Contre l'Allemagne, c'est cette belle mécanique du milieu qui a su peu à peu se libérer du marquage (titularisation de Kroos pour tenir Pirlo en pince avec Özil); De Rossi se dégage et recule à la hauteur de Pirlo pour varier la relance et le libérer du marquage; montées progressives des latéraux, Chiellini et Balzaretti… Au fait, Chiellini est plus souvent axial que latéral (il est à gauche en raison de la non-sélection de Criscito), Balzaretti est un lat' gauche plutôt que droite. Ils ont été excellents l'un comme l'autre. Comme quoi, le savoir-faire tactique peut effacer les possibles carences d'un faux placement.

Bon, évidemment on va parler de notre Mario préféré. Prandelli l'a lancé dès le premier match contre l'Espagne. A maintenu sa confiance ensuite, contre la Croatie, avant de le mettre sur le banc contre l'Irlande (entré en jeu, un but - et quel but), sans doute le match où il n'aurait pas fait de réelle différence sur 90 minutes. Mais quelle confiance, et quelle réponse! Ce coup de tête majeur, dominant, déterminé, au-dessus d'un Badstuber bien timoré. Cette prise de balle sur une sublime ouverture de Montolivo… La prise de balle est magnifique, mais ce qui vient après est au moins aussi dur. La course pour rester hors de portée (le marquage allemand a généralement été très naïf), la prise d'élan, la frappe… On a l'un des buts de cet Euro, qui n'a pas été trop riche en buts spectaculaires.

On reviendra sur l'Italie (entre-autres Buffon, magnifique) avant la finale.
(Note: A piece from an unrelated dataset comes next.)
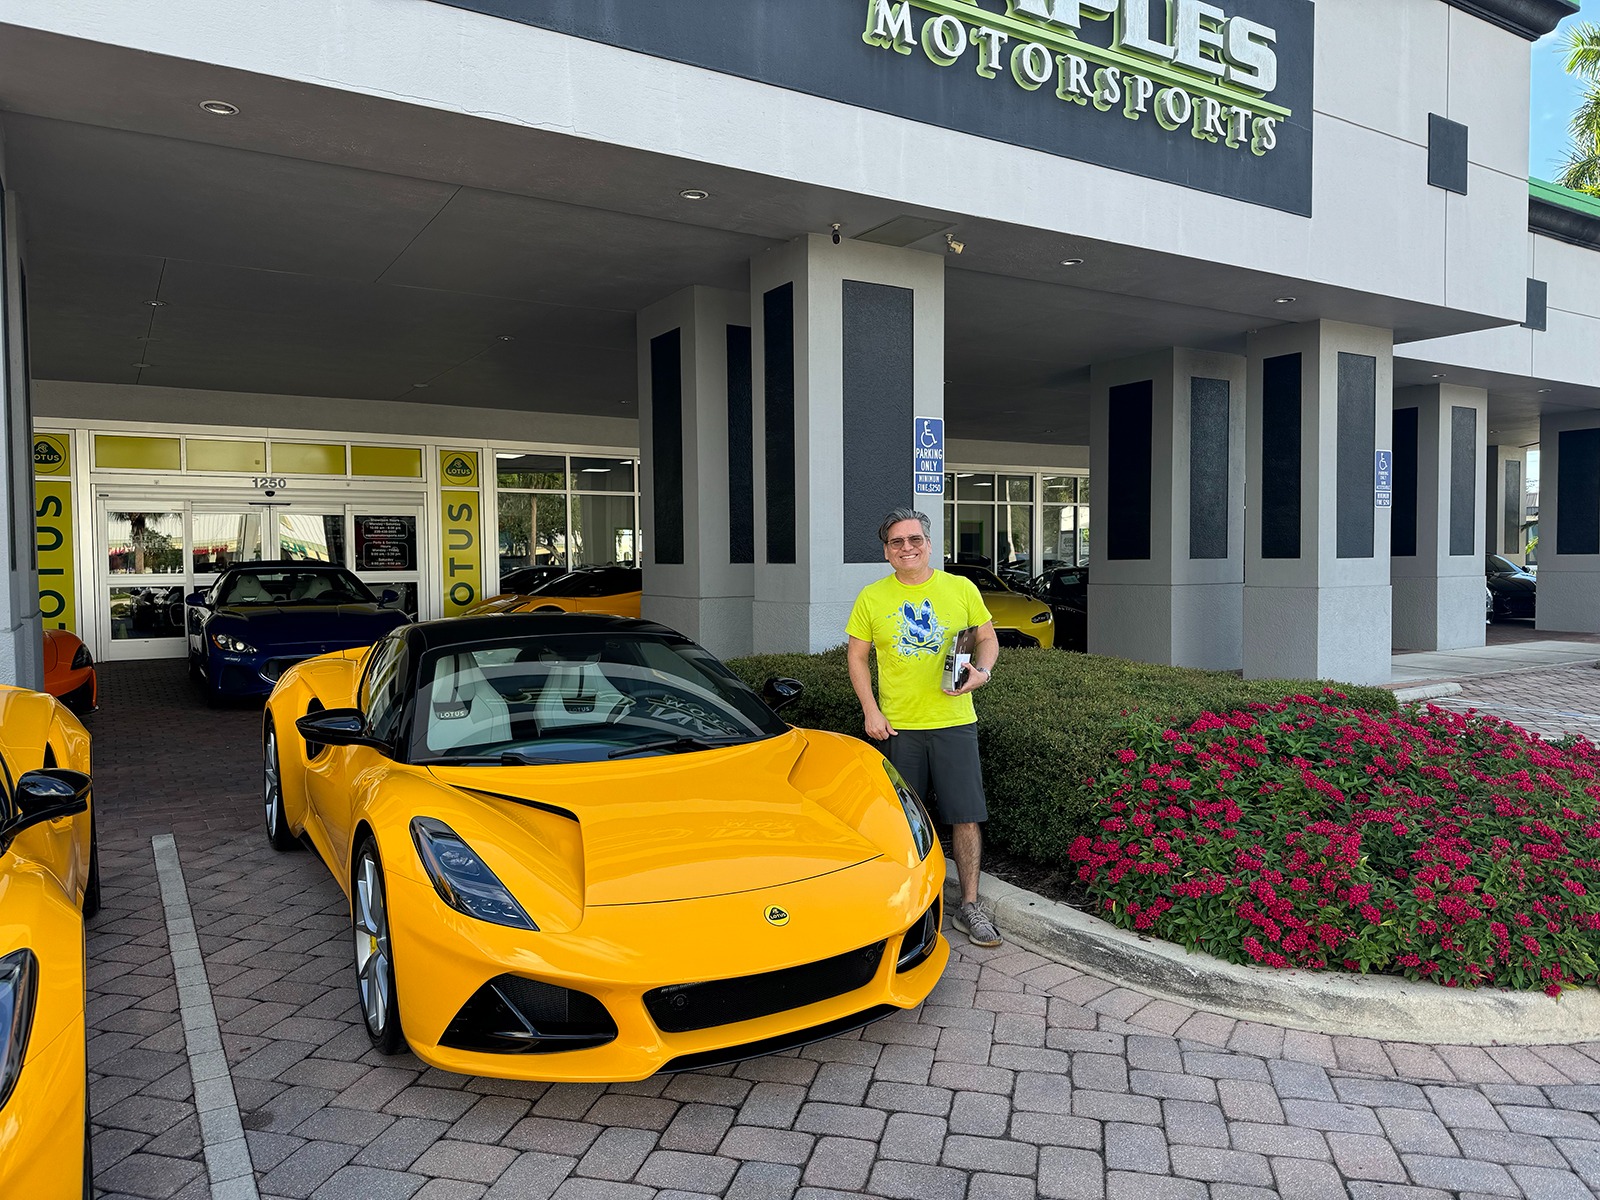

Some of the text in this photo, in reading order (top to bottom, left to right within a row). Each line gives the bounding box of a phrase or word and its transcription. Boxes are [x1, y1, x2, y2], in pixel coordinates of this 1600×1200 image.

Reste l'Allemagne. Joachim Löw a peut-être légèrement surestimé son groupe. Qui est apparu un peu tendre, un peu jeune, un peu naïf sur certaines phases de jeu (en ne sachant pas compenser le surnombre italien au milieu par exemple, qui a toujours laissé Pirlo, De Rossi ou Marchisio offrir une solution, sans compter Balzaretti et Chiellini). L'idée Kroos était bonne - mais mal appliquée. Le retour de Podolski, définitivement raté. Mangé par Balzaretti. Gomez? Trop unidimensionnel, même s'il représente une option de choix, il n'a jamais joué (sauf une fois) hors du marquage. Il a manqué à l'Allemagne un brin de fantaisie, de choix imprévu, de «dé - rythmage» (jouer hors rythme, comme attendre une fraction de seconde de plus sur un une-deux, ou chercher un troisième joueur). L'ensemble s'est finalement essoufflé, perdant au passage un paquet de lucidité lors des gestes créatifs. Sans oublier un manque terrible de choix sur les corners ou centres, toujours gagnés par l'Italie (sauf celui de Hummels en début de match, sauvé par Pirlo). Au bout du compte, une victoire qu'on ne qualifiera peut-être pas de «facile» pour l'Italie, mais sans doute moins difficile que ce à quoi ils pouvaient s'attendre. Est-ce le début d'une «ère Prandelli»?